### [EXERCISE]
Go to the line that contains "this 2576×1449 image." and transcribe from there to the end of the entries, that line and the last one included.

### [Collection entries]
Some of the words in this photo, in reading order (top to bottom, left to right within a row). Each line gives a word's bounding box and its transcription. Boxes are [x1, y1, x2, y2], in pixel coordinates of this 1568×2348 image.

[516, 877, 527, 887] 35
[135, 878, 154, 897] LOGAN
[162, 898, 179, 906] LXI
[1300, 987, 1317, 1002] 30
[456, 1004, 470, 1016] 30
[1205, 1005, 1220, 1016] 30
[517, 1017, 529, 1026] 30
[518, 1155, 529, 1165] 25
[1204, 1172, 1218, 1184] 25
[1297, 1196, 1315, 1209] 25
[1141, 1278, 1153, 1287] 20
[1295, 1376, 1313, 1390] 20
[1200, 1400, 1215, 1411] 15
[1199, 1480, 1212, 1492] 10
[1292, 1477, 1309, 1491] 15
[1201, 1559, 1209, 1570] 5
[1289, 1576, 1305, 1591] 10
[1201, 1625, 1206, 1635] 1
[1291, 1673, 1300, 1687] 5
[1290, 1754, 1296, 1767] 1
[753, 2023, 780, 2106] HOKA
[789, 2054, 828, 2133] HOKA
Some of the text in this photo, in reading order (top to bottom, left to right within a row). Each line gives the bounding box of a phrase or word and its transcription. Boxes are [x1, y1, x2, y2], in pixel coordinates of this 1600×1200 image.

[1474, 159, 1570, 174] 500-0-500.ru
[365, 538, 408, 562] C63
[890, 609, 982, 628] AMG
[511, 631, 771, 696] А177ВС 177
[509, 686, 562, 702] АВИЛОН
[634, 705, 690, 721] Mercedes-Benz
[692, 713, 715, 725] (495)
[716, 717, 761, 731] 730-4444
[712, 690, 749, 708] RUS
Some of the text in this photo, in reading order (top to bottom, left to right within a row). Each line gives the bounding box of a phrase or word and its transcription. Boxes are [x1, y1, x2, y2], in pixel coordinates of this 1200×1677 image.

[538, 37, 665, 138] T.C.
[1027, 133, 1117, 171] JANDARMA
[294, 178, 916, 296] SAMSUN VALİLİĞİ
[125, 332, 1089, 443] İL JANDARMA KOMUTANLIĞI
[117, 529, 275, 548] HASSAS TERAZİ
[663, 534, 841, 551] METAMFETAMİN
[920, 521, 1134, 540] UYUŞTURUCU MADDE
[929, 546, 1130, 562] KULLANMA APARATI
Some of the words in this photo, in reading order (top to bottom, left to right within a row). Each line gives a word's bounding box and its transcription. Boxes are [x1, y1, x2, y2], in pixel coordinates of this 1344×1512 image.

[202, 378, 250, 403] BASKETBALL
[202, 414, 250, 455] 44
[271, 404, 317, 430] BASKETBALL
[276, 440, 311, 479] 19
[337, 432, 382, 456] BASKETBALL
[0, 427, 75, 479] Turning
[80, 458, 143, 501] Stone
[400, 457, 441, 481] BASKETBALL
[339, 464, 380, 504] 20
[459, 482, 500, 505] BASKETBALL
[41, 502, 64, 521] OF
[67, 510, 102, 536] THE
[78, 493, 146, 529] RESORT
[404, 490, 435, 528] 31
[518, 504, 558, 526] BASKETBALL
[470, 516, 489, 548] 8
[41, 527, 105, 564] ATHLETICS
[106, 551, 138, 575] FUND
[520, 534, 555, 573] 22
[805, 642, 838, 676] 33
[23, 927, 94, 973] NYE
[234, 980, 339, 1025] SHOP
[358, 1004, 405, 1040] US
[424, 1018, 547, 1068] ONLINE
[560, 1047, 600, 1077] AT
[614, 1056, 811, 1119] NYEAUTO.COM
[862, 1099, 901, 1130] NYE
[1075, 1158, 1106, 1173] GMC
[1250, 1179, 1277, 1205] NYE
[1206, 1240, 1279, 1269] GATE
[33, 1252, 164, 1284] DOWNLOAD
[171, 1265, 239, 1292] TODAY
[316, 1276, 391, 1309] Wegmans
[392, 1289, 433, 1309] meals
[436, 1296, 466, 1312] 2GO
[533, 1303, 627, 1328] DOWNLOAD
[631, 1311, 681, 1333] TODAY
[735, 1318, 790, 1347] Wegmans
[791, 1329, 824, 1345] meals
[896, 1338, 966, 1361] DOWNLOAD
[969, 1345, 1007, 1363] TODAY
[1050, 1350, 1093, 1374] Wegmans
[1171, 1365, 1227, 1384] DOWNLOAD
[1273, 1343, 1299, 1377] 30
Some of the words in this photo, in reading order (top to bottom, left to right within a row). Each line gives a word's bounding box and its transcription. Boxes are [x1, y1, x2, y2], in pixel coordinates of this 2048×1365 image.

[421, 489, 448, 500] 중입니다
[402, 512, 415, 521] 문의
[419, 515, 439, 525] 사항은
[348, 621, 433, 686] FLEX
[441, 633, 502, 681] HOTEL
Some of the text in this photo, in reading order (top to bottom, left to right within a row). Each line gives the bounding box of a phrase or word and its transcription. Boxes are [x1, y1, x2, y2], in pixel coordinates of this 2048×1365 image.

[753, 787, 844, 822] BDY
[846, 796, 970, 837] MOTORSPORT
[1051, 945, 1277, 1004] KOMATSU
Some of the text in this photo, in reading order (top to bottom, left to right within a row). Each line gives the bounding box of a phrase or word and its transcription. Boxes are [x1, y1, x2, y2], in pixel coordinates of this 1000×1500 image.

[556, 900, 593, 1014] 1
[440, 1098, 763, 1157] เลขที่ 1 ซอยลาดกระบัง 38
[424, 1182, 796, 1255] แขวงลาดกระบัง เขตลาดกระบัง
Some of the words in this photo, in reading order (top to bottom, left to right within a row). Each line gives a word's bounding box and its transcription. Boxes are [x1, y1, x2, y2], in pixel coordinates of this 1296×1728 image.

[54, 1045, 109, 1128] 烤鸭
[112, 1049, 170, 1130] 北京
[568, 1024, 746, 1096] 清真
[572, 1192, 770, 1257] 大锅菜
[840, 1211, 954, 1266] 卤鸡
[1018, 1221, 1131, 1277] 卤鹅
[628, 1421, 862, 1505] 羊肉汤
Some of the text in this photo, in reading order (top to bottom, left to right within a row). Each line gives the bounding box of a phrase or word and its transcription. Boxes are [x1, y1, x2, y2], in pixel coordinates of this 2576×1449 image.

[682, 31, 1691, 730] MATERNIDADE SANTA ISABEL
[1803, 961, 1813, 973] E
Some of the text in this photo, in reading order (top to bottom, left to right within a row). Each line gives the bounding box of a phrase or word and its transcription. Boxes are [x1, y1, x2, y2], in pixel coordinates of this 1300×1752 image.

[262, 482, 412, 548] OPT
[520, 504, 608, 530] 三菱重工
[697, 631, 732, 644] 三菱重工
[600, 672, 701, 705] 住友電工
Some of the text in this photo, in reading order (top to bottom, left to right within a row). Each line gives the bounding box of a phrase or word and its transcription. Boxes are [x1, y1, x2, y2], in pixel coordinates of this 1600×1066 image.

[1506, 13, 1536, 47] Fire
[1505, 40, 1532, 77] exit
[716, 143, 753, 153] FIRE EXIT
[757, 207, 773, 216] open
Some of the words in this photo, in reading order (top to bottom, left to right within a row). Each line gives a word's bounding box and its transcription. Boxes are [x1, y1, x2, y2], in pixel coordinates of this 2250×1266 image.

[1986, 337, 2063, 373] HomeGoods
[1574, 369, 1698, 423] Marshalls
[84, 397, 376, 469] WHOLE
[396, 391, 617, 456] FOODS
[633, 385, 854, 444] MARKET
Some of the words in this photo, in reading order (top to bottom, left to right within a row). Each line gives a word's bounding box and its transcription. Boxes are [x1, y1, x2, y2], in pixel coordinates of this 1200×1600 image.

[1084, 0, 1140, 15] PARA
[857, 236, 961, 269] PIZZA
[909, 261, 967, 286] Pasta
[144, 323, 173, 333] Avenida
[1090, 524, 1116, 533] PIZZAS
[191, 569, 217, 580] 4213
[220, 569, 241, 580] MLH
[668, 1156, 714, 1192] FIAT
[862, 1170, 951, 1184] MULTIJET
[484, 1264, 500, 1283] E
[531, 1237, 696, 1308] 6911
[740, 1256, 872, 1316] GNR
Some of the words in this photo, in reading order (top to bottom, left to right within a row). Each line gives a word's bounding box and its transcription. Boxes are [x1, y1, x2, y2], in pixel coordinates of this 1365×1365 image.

### [RESULT]
Some of the text in this photo, in reading order (top to bottom, left to right within a row). Each line gives the bounding box of a phrase or word and its transcription. Boxes are [x1, y1, x2, y2], in pixel coordinates of this 2576×1449 image.

[682, 31, 1691, 730] MATERNIDADE SANTA ISABEL
[1803, 961, 1813, 973] E
Some of the text in this photo, in reading order (top to bottom, left to right within a row). Each line gives the bounding box of a phrase or word and its transcription. Boxes are [x1, y1, x2, y2], in pixel coordinates of this 1300×1752 image.

[262, 482, 412, 548] OPT
[520, 504, 608, 530] 三菱重工
[697, 631, 732, 644] 三菱重工
[600, 672, 701, 705] 住友電工
Some of the text in this photo, in reading order (top to bottom, left to right within a row). Each line gives the bounding box of a phrase or word and its transcription. Boxes are [x1, y1, x2, y2], in pixel coordinates of this 1600×1066 image.

[1506, 13, 1536, 47] Fire
[1505, 40, 1532, 77] exit
[716, 143, 753, 153] FIRE EXIT
[757, 207, 773, 216] open
Some of the words in this photo, in reading order (top to bottom, left to right within a row). Each line gives a word's bounding box and its transcription. Boxes are [x1, y1, x2, y2], in pixel coordinates of this 2250×1266 image.

[1986, 337, 2063, 373] HomeGoods
[1574, 369, 1698, 423] Marshalls
[84, 397, 376, 469] WHOLE
[396, 391, 617, 456] FOODS
[633, 385, 854, 444] MARKET
Some of the words in this photo, in reading order (top to bottom, left to right within a row). Each line gives a word's bounding box and its transcription. Boxes are [x1, y1, x2, y2], in pixel coordinates of this 1200×1600 image.

[1084, 0, 1140, 15] PARA
[857, 236, 961, 269] PIZZA
[909, 261, 967, 286] Pasta
[144, 323, 173, 333] Avenida
[1090, 524, 1116, 533] PIZZAS
[191, 569, 217, 580] 4213
[220, 569, 241, 580] MLH
[668, 1156, 714, 1192] FIAT
[862, 1170, 951, 1184] MULTIJET
[484, 1264, 500, 1283] E
[531, 1237, 696, 1308] 6911
[740, 1256, 872, 1316] GNR
Some of the words in this photo, in reading order (top to bottom, left to right within a row). Each line gives a word's bounding box and its transcription. Boxes are [x1, y1, x2, y2], in pixel coordinates of this 1365×1365 image.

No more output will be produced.